Beyond that, I was thrilled to become a volunteer writer for UN Women, writing on gender issues that resonate strongly with me. Drawing on my past experience working with key international organisations, I was ecstatic to have my article on the value of innovative cross-sector partnerships published first on the London Globalist, and subsequently, the LSE International Development website. Currently a graduate consultant for UK DFID, I am eager to continue making the best of these learning opportunities and look forward to contributing to the development sector during my time in London and beyond.

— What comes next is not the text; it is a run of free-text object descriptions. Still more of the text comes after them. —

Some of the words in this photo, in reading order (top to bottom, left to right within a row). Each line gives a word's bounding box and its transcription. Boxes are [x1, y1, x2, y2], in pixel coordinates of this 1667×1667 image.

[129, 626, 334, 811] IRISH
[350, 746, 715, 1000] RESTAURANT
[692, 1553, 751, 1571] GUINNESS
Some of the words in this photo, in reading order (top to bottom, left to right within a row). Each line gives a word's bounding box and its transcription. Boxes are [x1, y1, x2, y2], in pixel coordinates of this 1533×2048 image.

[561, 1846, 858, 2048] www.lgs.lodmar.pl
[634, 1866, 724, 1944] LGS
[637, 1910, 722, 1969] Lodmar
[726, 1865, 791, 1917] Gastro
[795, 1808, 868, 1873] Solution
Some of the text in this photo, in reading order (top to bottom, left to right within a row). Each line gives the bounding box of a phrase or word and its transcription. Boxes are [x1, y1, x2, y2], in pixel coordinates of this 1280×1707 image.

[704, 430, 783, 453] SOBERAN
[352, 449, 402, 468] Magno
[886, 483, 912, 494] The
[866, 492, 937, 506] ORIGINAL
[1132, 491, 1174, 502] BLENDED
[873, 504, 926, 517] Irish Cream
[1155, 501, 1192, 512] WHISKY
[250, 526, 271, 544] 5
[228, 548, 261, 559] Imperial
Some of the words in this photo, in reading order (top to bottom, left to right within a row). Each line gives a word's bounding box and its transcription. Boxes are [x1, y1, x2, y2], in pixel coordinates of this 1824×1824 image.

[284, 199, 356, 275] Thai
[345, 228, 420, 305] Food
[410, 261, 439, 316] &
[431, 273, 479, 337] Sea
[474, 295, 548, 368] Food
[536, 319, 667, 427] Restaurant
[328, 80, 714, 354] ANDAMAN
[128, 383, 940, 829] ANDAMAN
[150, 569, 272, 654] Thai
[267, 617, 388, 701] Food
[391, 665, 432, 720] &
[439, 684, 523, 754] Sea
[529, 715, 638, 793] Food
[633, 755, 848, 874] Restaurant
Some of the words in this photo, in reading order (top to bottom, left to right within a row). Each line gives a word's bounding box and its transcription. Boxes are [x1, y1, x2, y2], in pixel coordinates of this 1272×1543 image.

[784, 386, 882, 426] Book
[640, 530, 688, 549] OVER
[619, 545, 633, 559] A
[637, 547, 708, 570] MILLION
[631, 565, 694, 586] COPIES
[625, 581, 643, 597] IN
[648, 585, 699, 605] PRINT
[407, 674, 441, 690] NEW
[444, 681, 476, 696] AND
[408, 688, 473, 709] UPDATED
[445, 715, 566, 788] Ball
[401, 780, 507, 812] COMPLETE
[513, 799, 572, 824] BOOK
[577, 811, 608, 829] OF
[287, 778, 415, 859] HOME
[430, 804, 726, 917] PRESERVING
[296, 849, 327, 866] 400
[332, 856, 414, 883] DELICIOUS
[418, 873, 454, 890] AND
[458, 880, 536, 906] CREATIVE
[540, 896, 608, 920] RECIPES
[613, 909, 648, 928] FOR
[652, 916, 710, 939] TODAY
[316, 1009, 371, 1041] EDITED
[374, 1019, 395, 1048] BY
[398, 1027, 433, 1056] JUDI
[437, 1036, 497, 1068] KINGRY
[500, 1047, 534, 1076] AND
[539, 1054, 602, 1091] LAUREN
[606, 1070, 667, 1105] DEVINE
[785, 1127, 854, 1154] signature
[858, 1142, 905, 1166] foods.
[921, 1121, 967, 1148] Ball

Love, in its Infinite Forms


This year has been filled with much travel, many of which were delightfully spontaneous – Vietnam with an old friend; Thailand with family; a semi-solo trip to Australia where I befriended a lovely German girl through a walking tour, with whom I wandered about the city of Sydney and its beaches thereafter, having deep conversations, sitting in the shade giant trees offered, and even spontaneously going for a play at the opera house; Korea on a whim to visit a dear friend, turning a year older on a plane amid twinkling stars, and arriving in Seoul where we shared laughter-filled adventures; and last of all, to Germany and France once more with my favourite person, twice three months apart, with whom I found infinity in the fields of green and gold, and white and snow.

The last month of 2016 has brought much joy and warmth amid the winter cold. I have had the best Christmas of my life thus far, and have one person to thank for filling it with so infinitely much magic, adventure, and love. Experiencing traditional festivities that I had only been able to dream of as a child – baking Christmas cookies, going ice-skating, exploring Christmas markets and sipping pseudo Glühwein, decorating a real Christmas tree, singing carols, having traditional festive meals, experiencing a cosy evening opening presents from under the tree and receiving an absolute dream of a Christmas present. All of this has made my heart so ineffably full, and ever more thankful for my Heimat that is you.


2017, and Beyond

As we now bid farewell to 2016 and welcome the upcoming year (with raclette and fireworks no less), may we all bring forth with us a heart full of love, a mind full of curiosity, and a being full of childlike wonder, empathy, and adventure. In the words of Neil Gaiman, because his lines ever remain a timeless truth:

 May your coming year be filled with magic and dreams and good madness. I hope you read some fine books and kiss someone who thinks you’re wonderful, and that you’ll dream dangerously and outrageously. Don’t forget to make some art – write or draw or build or sing or live as only you can. And I hope, somewhere in the next year, you surprise yourself.

Be kind to yourself in the year ahead. Remember to forgive yourself, and to forgive others. Try to make your time matter: minutes and hours and days and weeks can blow away like dead leaves, with nothing to show but time you spent not quite ever doing things, or time spent waiting to begin. Hug too much. Smile too much. And, when you can, love.